Он видел мягкие очертания ее груди под тонкой ночной рубашкой, то что обычно скрывала строгая одежда Мари.
– Ты ведь хочешь стать художником, правда? – тихо спросила Мари.
Ее прямота испугала его. Папа насупился, Мама шептала молитвы, но Мари была совершенно спокойна.
– Да, – ответил он, – художником, будь у меня только краски.
Папа закричал:
– У меня нет денег на такую ерунду! – Конечно, нет, – согласился Огюст.
– Конечно, нет, – передразнил Папа. – И это все, что ты можешь сказать?
Огюст покорно пожал плечами. Он знал, что денег на такую роскошь не было. Тетя Тереза попыталась «одолжить» краски у Дроллинга, но пока ей не везло: Дроллинг их прятал. И все же Мари удалось отвлечь их внимание от обнаженной фигуры. Если бы они пошли спать, он бы закончил рисунок. Не будь Мари его сестрой… Нет, это нехорошо, да, кроме того, она слишком худенькая, слишком молодая, чтобы заменить ему натурщицу.
– Уж поздно. Пора ложиться. Спокойной ночи, милый, – сказала Мама.

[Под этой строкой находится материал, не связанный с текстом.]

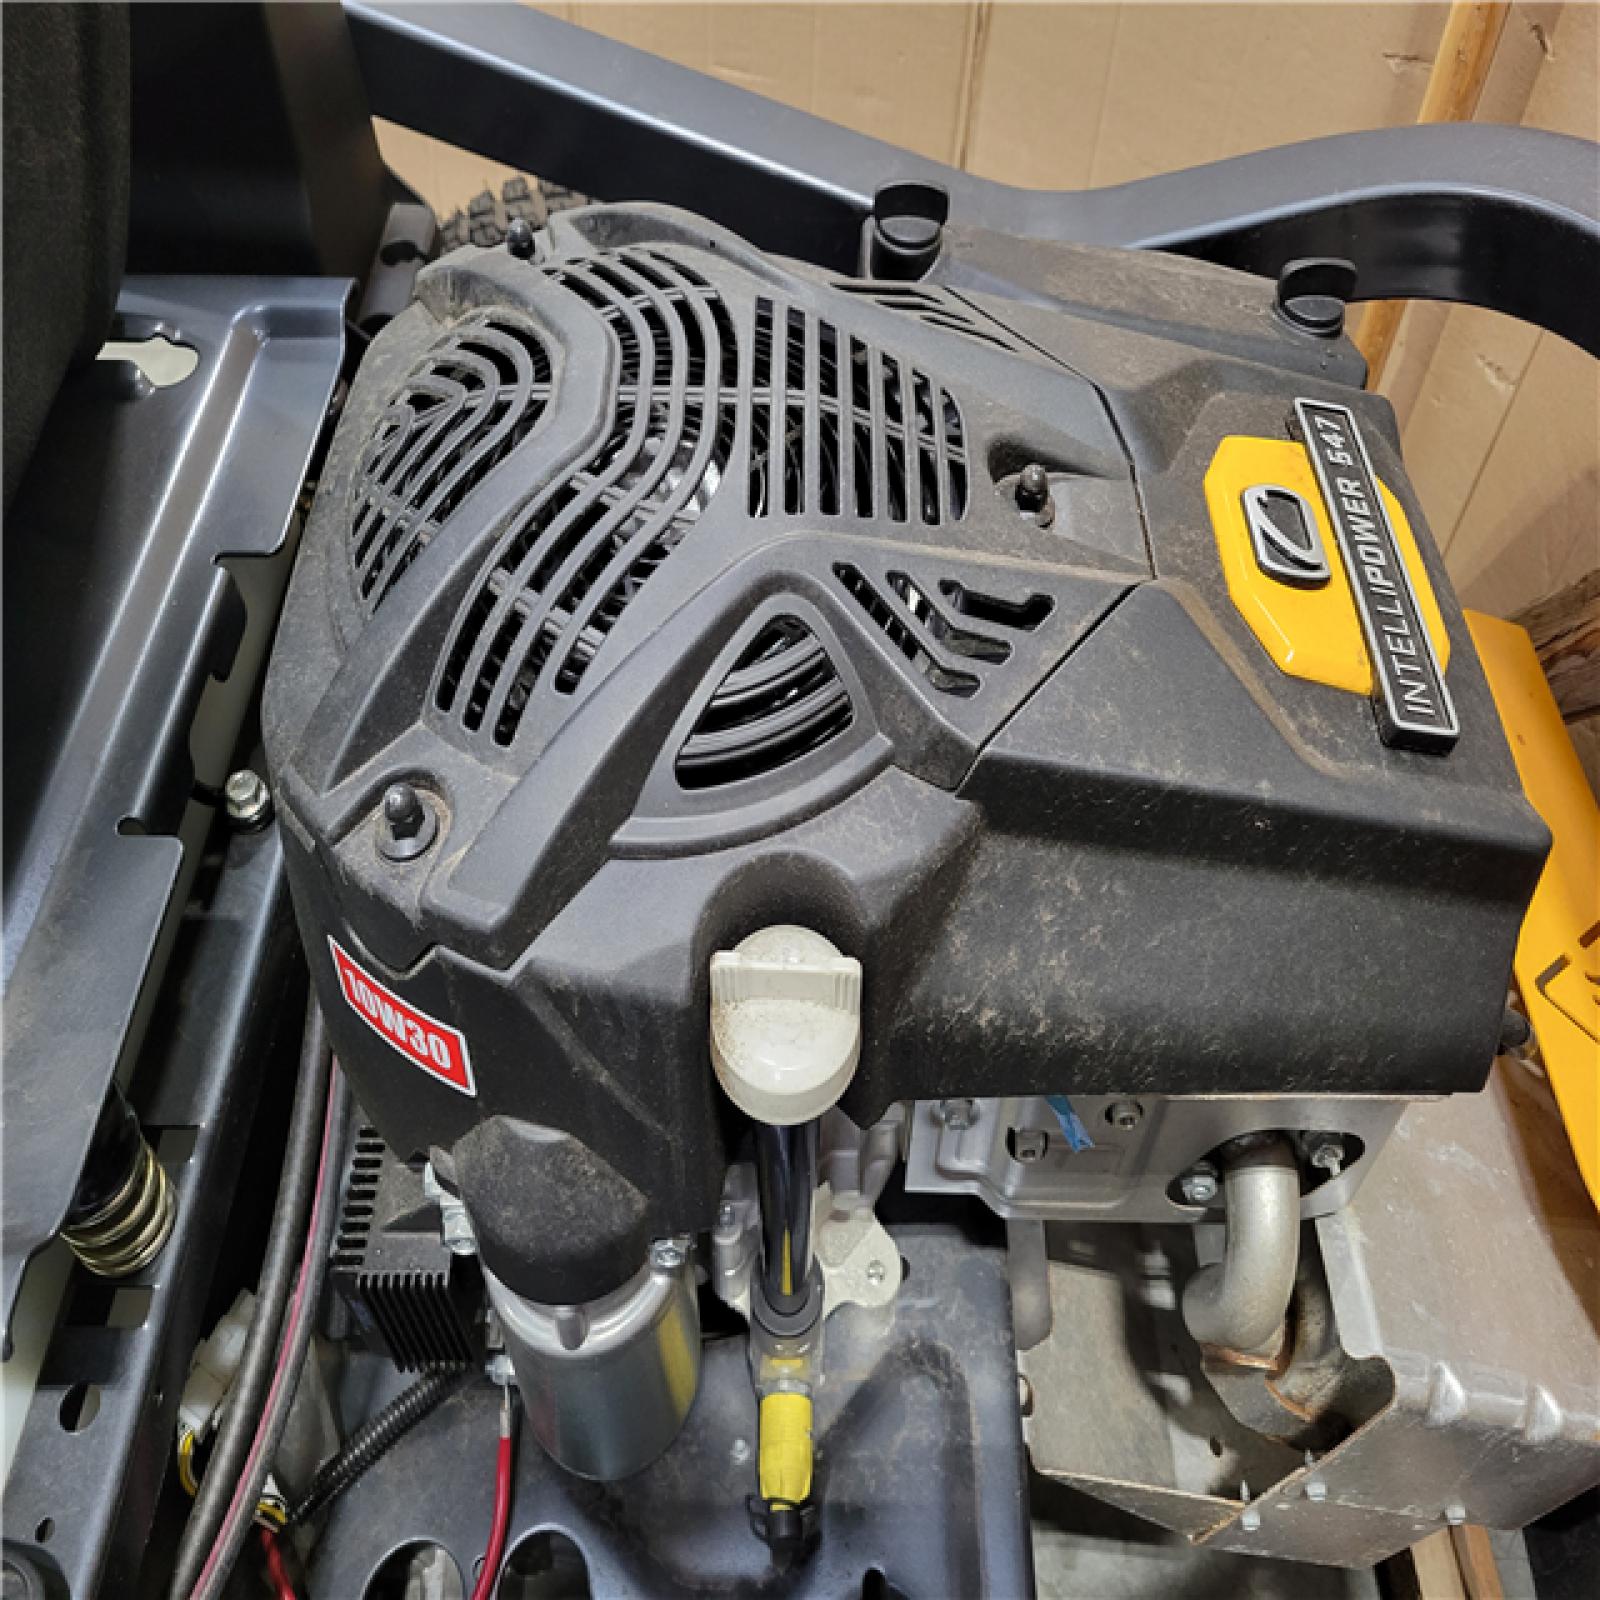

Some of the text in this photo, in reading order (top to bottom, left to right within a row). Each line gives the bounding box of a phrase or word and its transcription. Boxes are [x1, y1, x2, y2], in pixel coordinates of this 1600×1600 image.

[1314, 415, 1435, 716] INTELLIPOWER 547
[344, 969, 452, 1069] 10W30

Огюст погасил керосиновую лампу, подождал, пока не раздался Папин храп, зажег свечу и вновь принялся за работу. Пламя свечи прыгало, и воск капал на бумагу, но в конце концов ему удалось дорисовать шею и плечи. Он принялся было за руки, как услышал рядом:
– Ш-ш… – Это была Мари, она улыбнулась и прошептала:-А, Венера Милосская
, – и показала на безрукую фигуру.
Огюст, пойманный на месте преступления, уже не пытался спрятать рисунок.
Мари внимательно изучила его и сказала:
– Совсем как в жизни. Кто это?
– Натурщица из вечернего класса. А вообще работает прислугой.
– Она была совсем без одежды? – Голос Мари чуть заметно дрогнул.
– Да, обнаженная. Все художники обязаны изучать человеческую фигуру.
– А Барнувен в твоем классе?
– Да. Сегодня вечером он сидел со мной рядом.
– И ему это нравится?
– Всем студентам нравится. Когда привыкают. Мари, теперь прошла мода рисовать мадонн.
– Сколько тебе нужно на краски?
– Пять франков. На коробку с основными цветами. Мари, тебе нравится Барнувен?
Неуверенная улыбка промельнула на ее губах.
– Как ты думаешь, я ему нравлюсь?
– Он влюблен в искусство. Как и все мы, – сказал Огюст, вдруг почувствовав неизвестную ему дотоле гордость.
– Да, конечно.
Уж не смеется ли над ним Мари?
– Как хорошо, что ты не нарисовал ее с прямой спиной, ведь ни у кого нет прямой спины. Мне ее спина нравится.
– Она у нее такая и была.
– Ты не смущайся.
– Но я еще не закончил.
– Успеешь. И, пожалуйста, не спорь ни с кем, особенно с Барнувеном.
– Мы с ним друзья. Он познакомил меня со своими товарищами, настоящими художниками.
Мари заговорщически улыбнулась, теперь у них была общая тайна, и когда Огюст вновь принялся за рисование, сунула ему пятифранковую монету и сказала, что пора спать, уже за полночь. Папа обнаружит, что он еще не в кровати, и сильно рассердится. Огюст кивнул, и Мари быстро поцеловала его и ушла, а он продолжал работать с таким рвением, словно это была его последняя возможность.
Глава IV
Следующие несколько месяцев все шло по заведенному распорядку: по утрам классы в Малой школе. Во второй половине дня поощрялось посещение Лувра, чтобы изучать и копировать рисунки и гравюры Микеланджело и Рембрандта, знакомиться с другими мастерами. Два вечера в неделю посвящалось рисованию обнаженной натуры.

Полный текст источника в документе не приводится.